Cresce anche l’indice di fiducia degli operatori auto elaborato dal CSP
A luglio il mercato automobilistico italiano fa registrare 123.184 nuove immatricolazioni, con un aumento del 3,9% rispetto allo stesso mese del 2025. Nei primi sette mesi dell’anno le immatricolazioni di nuove auto raggiungono quota 1.060.175 unità, evidenziando una crescita dell’8,9% su base annua. Insieme ai volumi di vendita, per la prima volta nel 2026 a luglio cresce anche l’indice di fiducia degli operatori auto calcolato dal Centro Studi Promotor, che, dopo i continui cali del primo semestre, guadagna sette punti rispetto a giugno.
La crescita delle immatricolazioni registrata a luglio è l’ottava consecutiva e conferma il trend positivo evidenziato dall’inizio dell’anno. L’elemento di vera novità del mese risiede proprio nella convergenza tra volumi e sentiment della rete.

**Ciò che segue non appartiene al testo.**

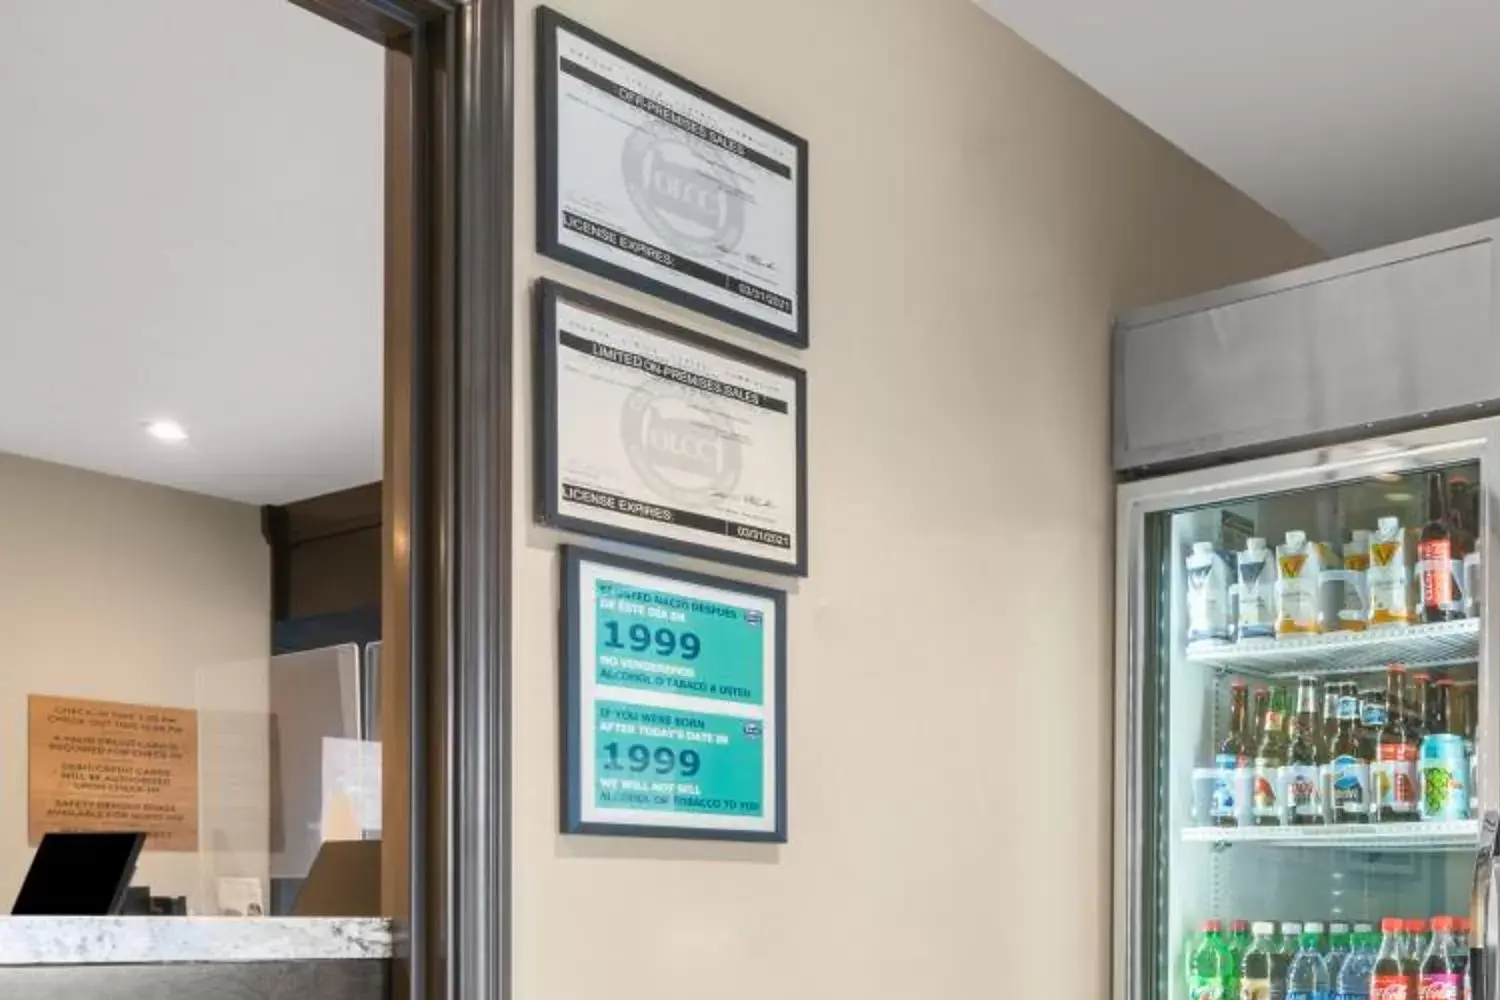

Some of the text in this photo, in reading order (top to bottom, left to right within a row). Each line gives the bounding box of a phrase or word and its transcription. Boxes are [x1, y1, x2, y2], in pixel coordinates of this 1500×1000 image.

Nei primi sei mesi dell’anno, infatti, a fronte di un mercato in crescita l’indice di fiducia degli operatori auto, determinato dal Centro Studi Promotor sintetizzando i risultati delle sue inchieste congiunturali, mostrava una costante flessione, segnalando come gli operatori non riponessero piena fiducia nella tenuta delle vendite. Il dato positivo di luglio indica invece che la rete distributiva inizia ora a percepire la ripresa come strutturale e non legata a fattori congiunturali o temporanei.
Va tuttavia precisato che la crescita delle immatricolazioni registrata a luglio 2026 beneficia del confronto con un luglio 2025 particolarmente debole (il sesto peggior mese di luglio dal 2000). Rispetto a luglio 2019, ultimo anno pre-pandemia, si evidenzia ancora un calo del 19,7%. Analogamente, il bilancio dei primi sette mesi del 2026 segna una contrazione del 14,3% rispetto allo stesso periodo del 2019.
Proiettando il risultato cumulato dei primi sette mesi sull’intero anno, si stima per il 2026 un volume complessivo di circa 1.585.880 immatricolazioni (+3,9% sul 2025). Il confronto con il totale del 2019 evidenzia un ritardo del 17,3%, a testimonianza della distanza che il mercato italiano dell’auto deve ancora colmare per ritornare sui livelli di attività antecedenti alle recenti crisi.